_AIM OF THE EXERCISE_
Exactly the lines from the one with "this 1600×900 image." to the end of the entries should appear in your answer, retyped word for word.

_PROVIDED RECORDS_
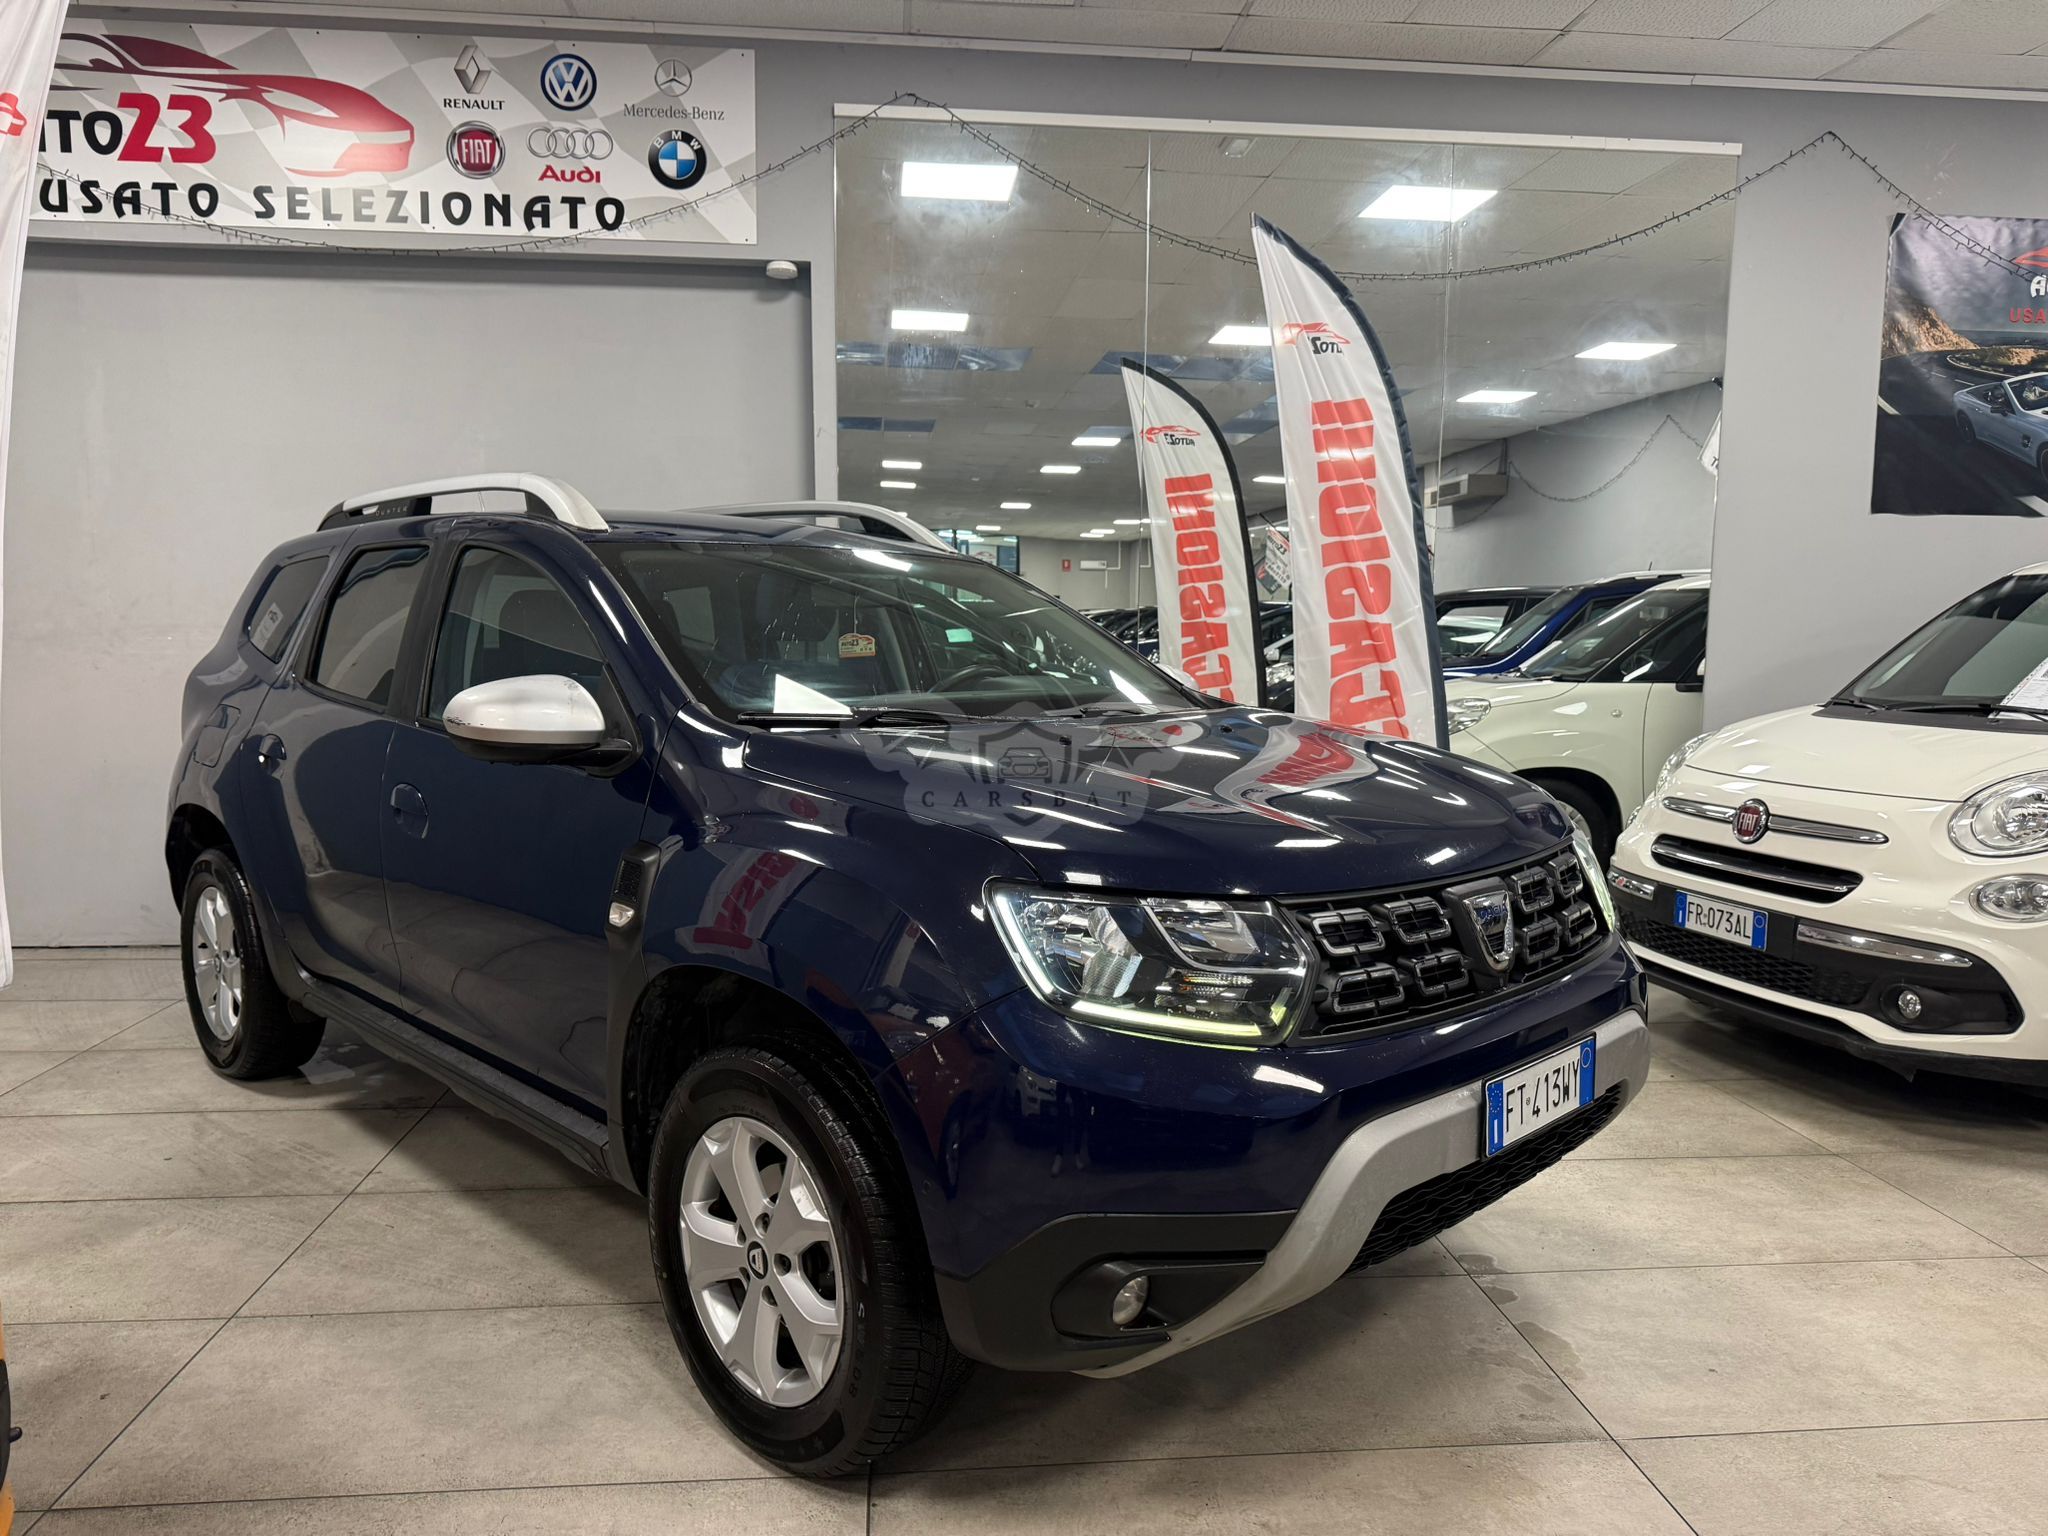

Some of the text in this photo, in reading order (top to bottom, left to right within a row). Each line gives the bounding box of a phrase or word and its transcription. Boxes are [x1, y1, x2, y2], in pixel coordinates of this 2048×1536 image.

[443, 98, 505, 111] RENAULT
[623, 103, 725, 121] Mercedes-Benz
[653, 129, 702, 151] BMW
[460, 138, 493, 165] FIAT
[538, 165, 601, 183] Audi
[39, 178, 625, 232] USATO SELEZIONATO
[1738, 812, 1759, 832] FIAT
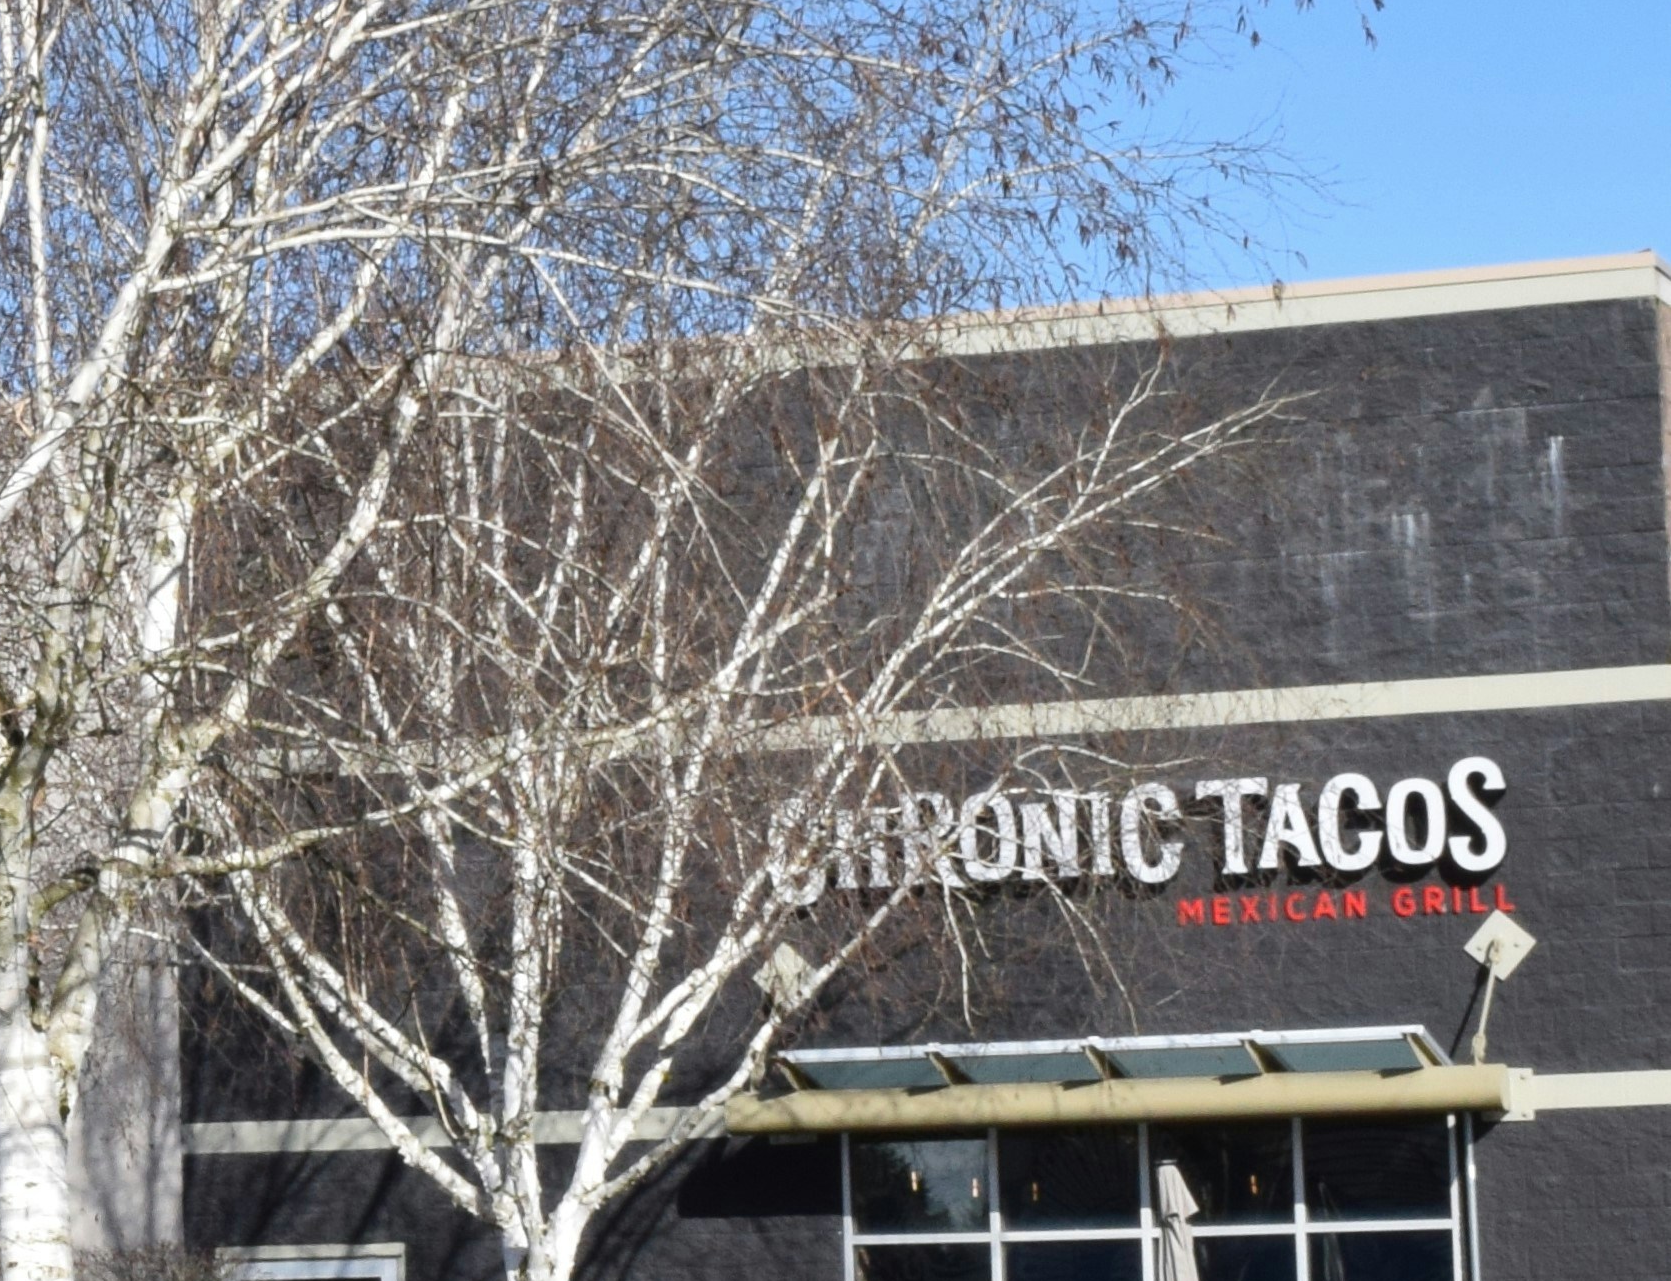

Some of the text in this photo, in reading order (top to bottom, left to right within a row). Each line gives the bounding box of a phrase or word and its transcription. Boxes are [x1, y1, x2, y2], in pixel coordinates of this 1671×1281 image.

[768, 756, 1507, 905] CHRONIC TACOS
[1176, 883, 1517, 927] MEXICAN GRILL
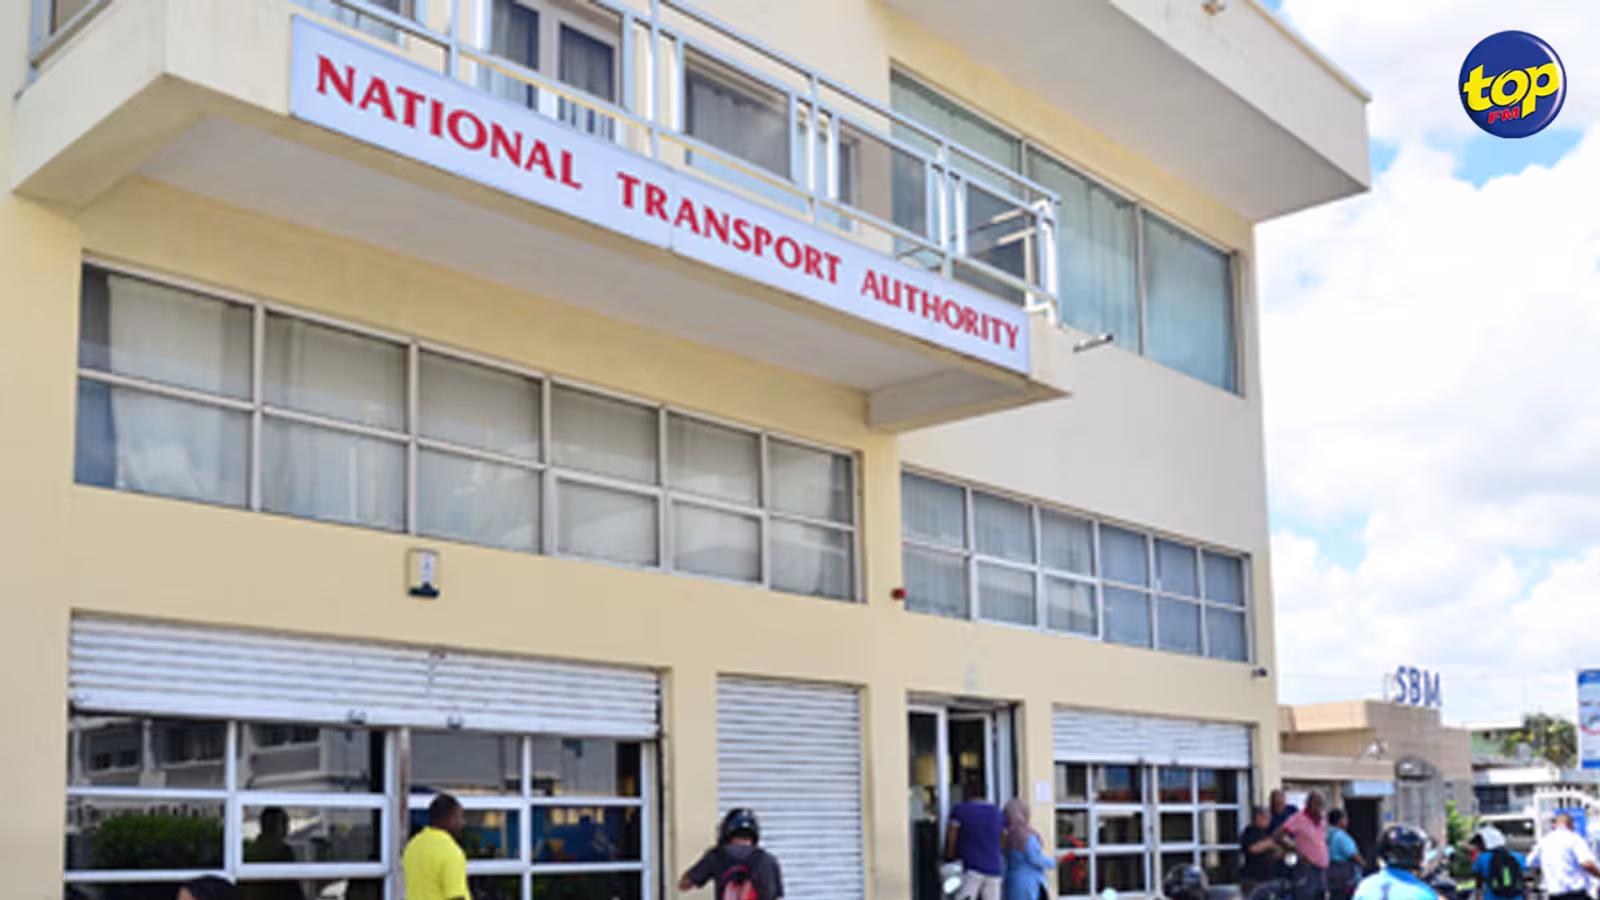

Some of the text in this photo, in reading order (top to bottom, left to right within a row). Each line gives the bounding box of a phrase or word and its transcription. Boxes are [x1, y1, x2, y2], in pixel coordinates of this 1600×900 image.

[316, 54, 1020, 350] NATIONAL TRANSPORT AUTHORITY
[1396, 665, 1442, 706] SBM

_ANSWER SPACE_
Some of the text in this photo, in reading order (top to bottom, left to right within a row). Each line gives the bounding box of a phrase or word and its transcription. Boxes are [x1, y1, x2, y2], in pixel coordinates of this 1600×900 image.

[316, 54, 1020, 350] NATIONAL TRANSPORT AUTHORITY
[1396, 665, 1442, 706] SBM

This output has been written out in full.